Surgery remains the only curative option for PHPT. It is well-tolerated during pregnancy and adverse events are minimal [44]. Timely surgical intervention in the 2nd trimester has been associated with favorable outcomes in patients with moderate to severe hypercalcemia during pregnancy (calcium adjusted for albumin greater than 3 mmol/L (12.02 mg/dL)) [98,99]. This has shown to be an effective approach in several case reports and case series [17,29,32,100,101,102].

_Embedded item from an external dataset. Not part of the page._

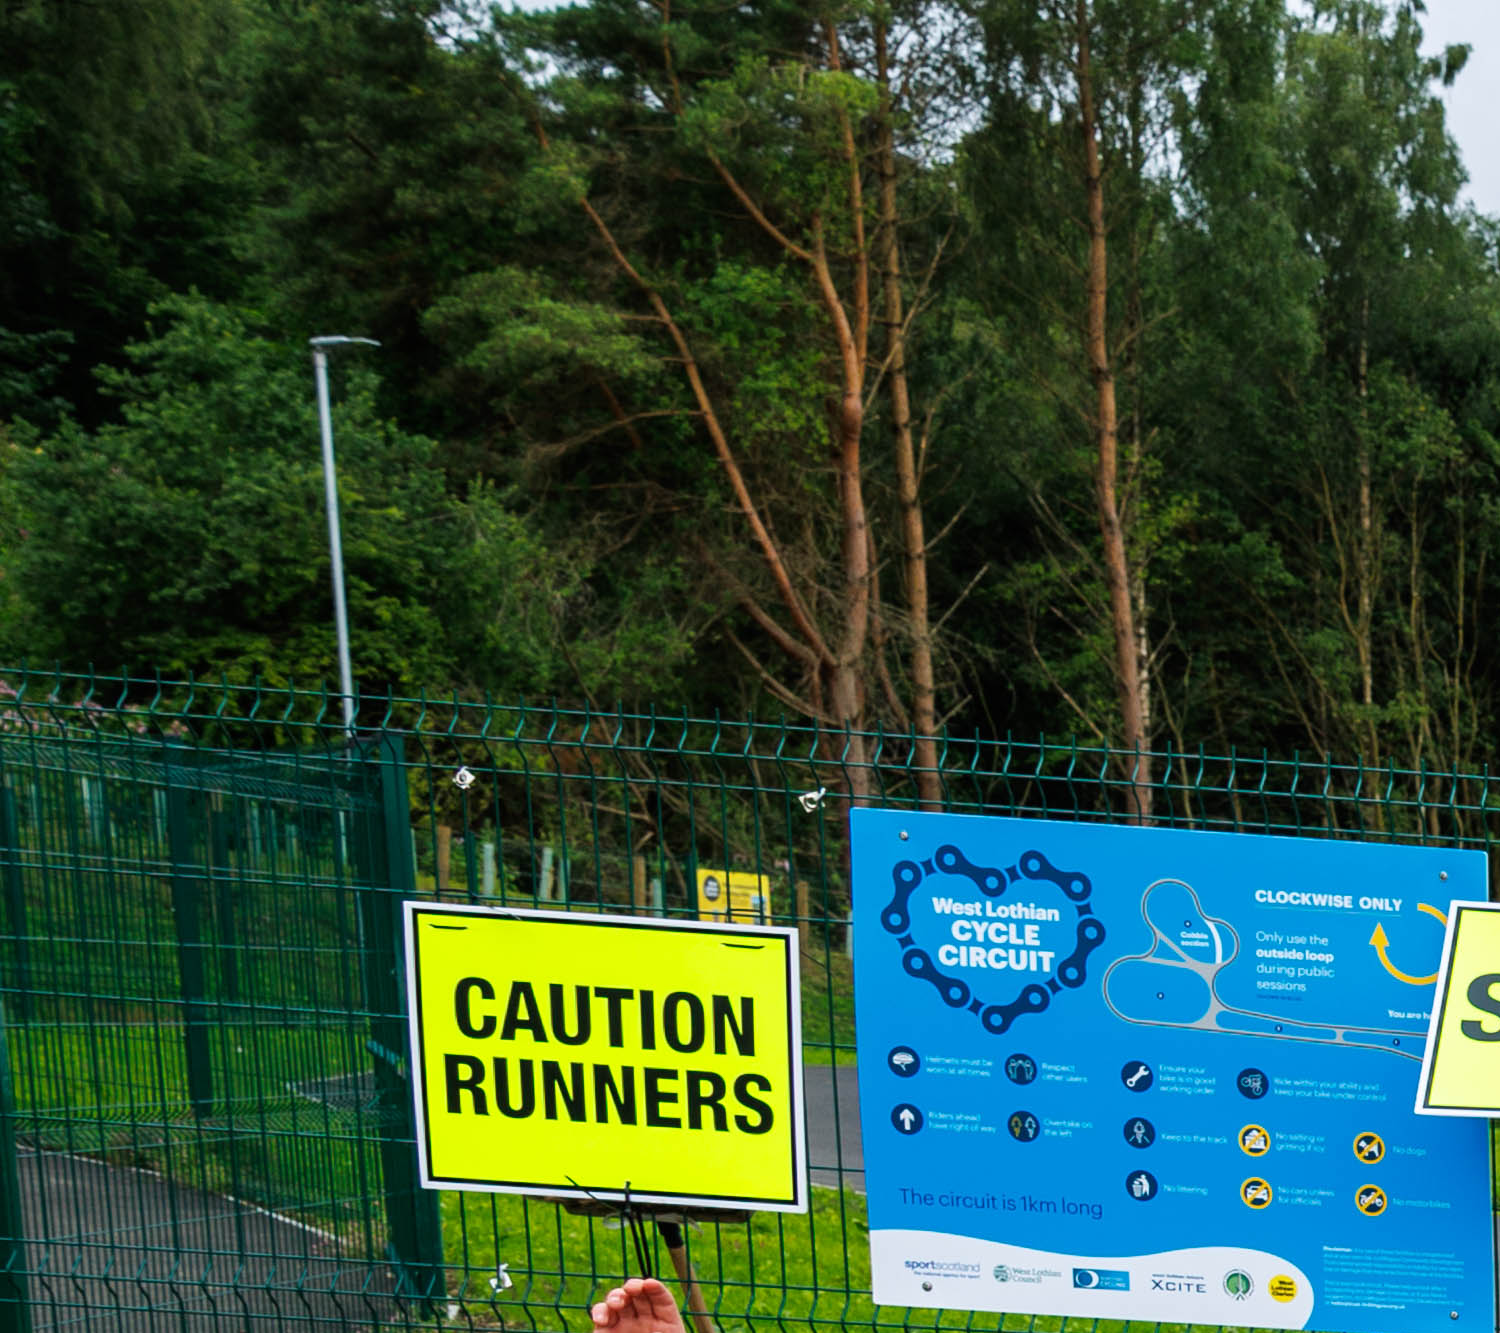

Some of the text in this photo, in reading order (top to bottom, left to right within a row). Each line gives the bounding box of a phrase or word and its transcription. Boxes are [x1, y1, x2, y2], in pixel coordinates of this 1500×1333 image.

Surgical intervention in the 3rd trimester of pregnancy has been reported in patients who have failed medical therapy. In the majority of these cases, surgery was safe and did not result in any harmful maternal or fetal outcomes [21,31,99,100,103,104,105,106,107,108,109]. Some cases, however, reported associated preeclampsia, preterm labor and severe neonatal hypocalcemia with surgery in the 3rd trimester [21,35,110,111]. These complications may be attributed to delayed presentation and prolonged exposure to maternal hypercalcemia. Parathyroidectomy has also been performed successfully in the 1st trimester [112].
Intraoperative PTH measurement is recommended to confirm successful resection of the hyperfunctioning parathyroid adenoma [1]. It can be of a great value in pregnant women in whom preoperative localization of abnormal parathyroid tissue is not conclusive or in those with the multiglandular disease.